Ponies stared; among peasant ponies, even they knew mutants only ever had wing or a horn, never both. But, perhaps this time it wasn't her unique appearance. A lot of the refugees, she noted, had wounds that could only have been made by monsters. Claw marks, bite marks, magic scorches.

A monster hunter would be something to look to, though from experience Fiora knew it could be either good or bad. Then there was the filly on her saddle. She was fully healed on the outside, but still badly injured within. At least, badly injured for any other pony. Over the two days Fiora carried her, checking on her. Every hour her mortal wounds grew better, with no sign of slowing down.

She truly wondered what this filly was.

She stopped in her tracks as she approached the guards at the bridge across the channel. Two soldiers in layers of chainmail approached.

"What's this?" demanded one of the soldiers, who wore a gold insignia instead of the standard black. "A fucking mutant trying to cross? Get in line, mongrel, can't you see there are ponies waiting for their passes?"

"Bugger off!" agreed the other soldier.

"Who issues these passes?" Fiora didn’t budge.

The gold insignia soldier hacked a disgusting chuckle, his breath comprised of cheap wine and a local narcotic herb.

"There a problem?" Fiora pressed her inquiry, leaning slightly aback to distance herself from the soldier’s boorish, though not unexpected, scent.

"You bet," he answered coarsely. "Only the general gives out passes, and he's not about to give one to a mutant before peasants eager to farm for the army."

"How about a monster hunter?" Fiora asked. "A lot of monsters attracted to war. Got to be a contract on something."

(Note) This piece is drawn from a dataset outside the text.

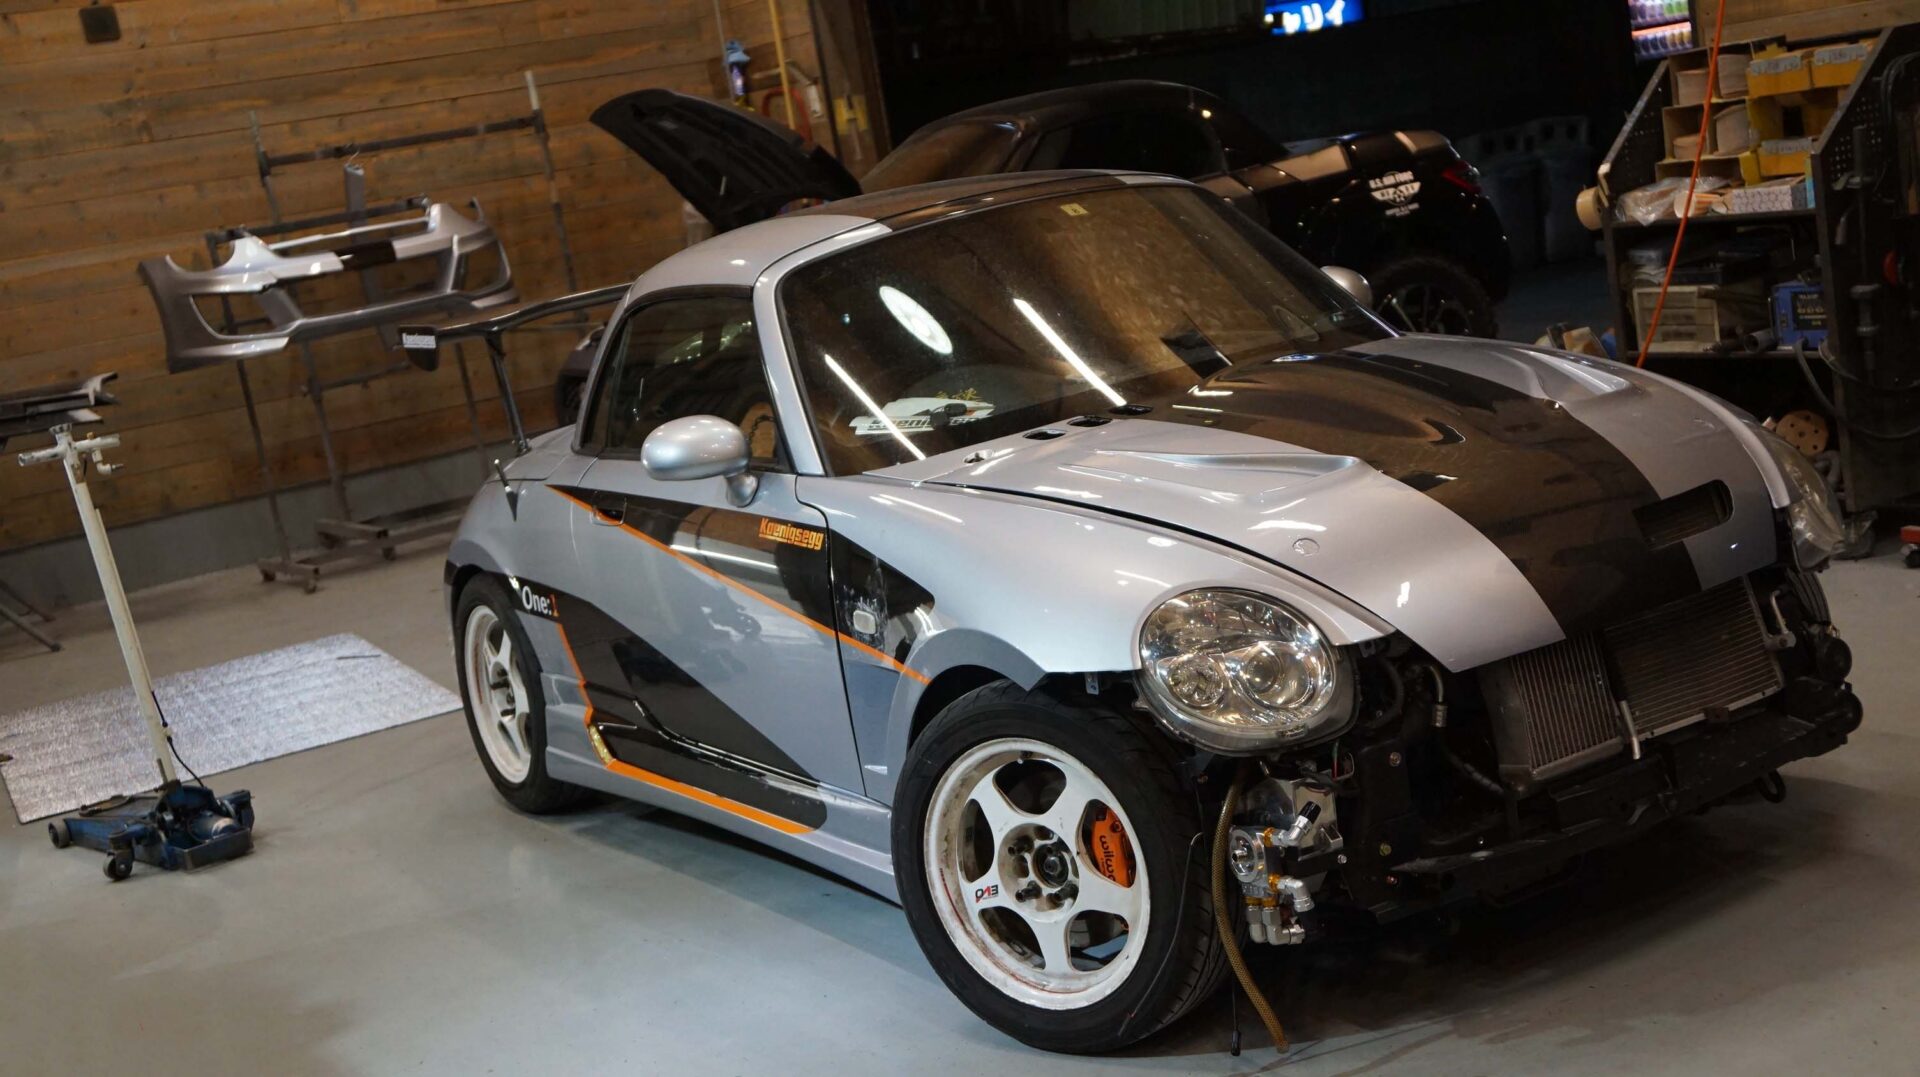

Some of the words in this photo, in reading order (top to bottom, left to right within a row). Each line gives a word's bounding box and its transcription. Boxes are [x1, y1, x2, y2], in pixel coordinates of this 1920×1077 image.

The two soldiers traded glances, unsure of how to respond. The soldier with the gold insignia ran back to the tower posted by the bridge for a few minutes, leaving his partner standing uncomfortably with the hunter.

He returned with another stallion. He was adorned in polished chest plate painted green with gold trims, and wore a dress sword on the side of his saddle.

"You're a monster hunter?" He asked, continuing before Fiora could answer. "Good. There's a nest of creatures, I don't know what you call them, who've been attacking my soldiers on both sides of the channel."

"Might not know the name, but I could do with a bit more detail," Fiora replied.

The general nodded. "Of course. They're massive, flying monsters, of that we are sure. And it leaves hoof prints and claw marks around its nest."

"Any bodies I could examine?" Fiora suggested. The general's description of the monster was lacking, and she needed more information.

"We've had to dispose of many bodies in the channel," explained the general, "but we haven't collected bodies from the recent attack two days ago. It's about three miles north west."

Accepting the contract would be a lot easier than trying to trick her way through. Besides, once the war was over and there were no more soldiers to hunt, a monster nest would cause problems for the innocent ponies trying to return to their lives.

"I'll look into it," she told the general.

He nodded. "And I'll see to it that you are compensated properly. Including a pass across the channel."


Fiora left the filly in one of the tents around the site of the attack. The scent of the monsters that came was enough to drive off even hungry corpse eaters, so she reasoned it was as safe as any place for the cursed pony while she completed the contract.

"Multiple monsters attacked from all directions," she noted. The soldiers were all facing different directions with no sign of a scuffle. The camp was a just a massacre.

Fiora inspected two bodies lying side by side. One had his stomach and intestines ripped open by powerful claws. Only scraps of the liver remained, the majority consumed. The other was entirely different.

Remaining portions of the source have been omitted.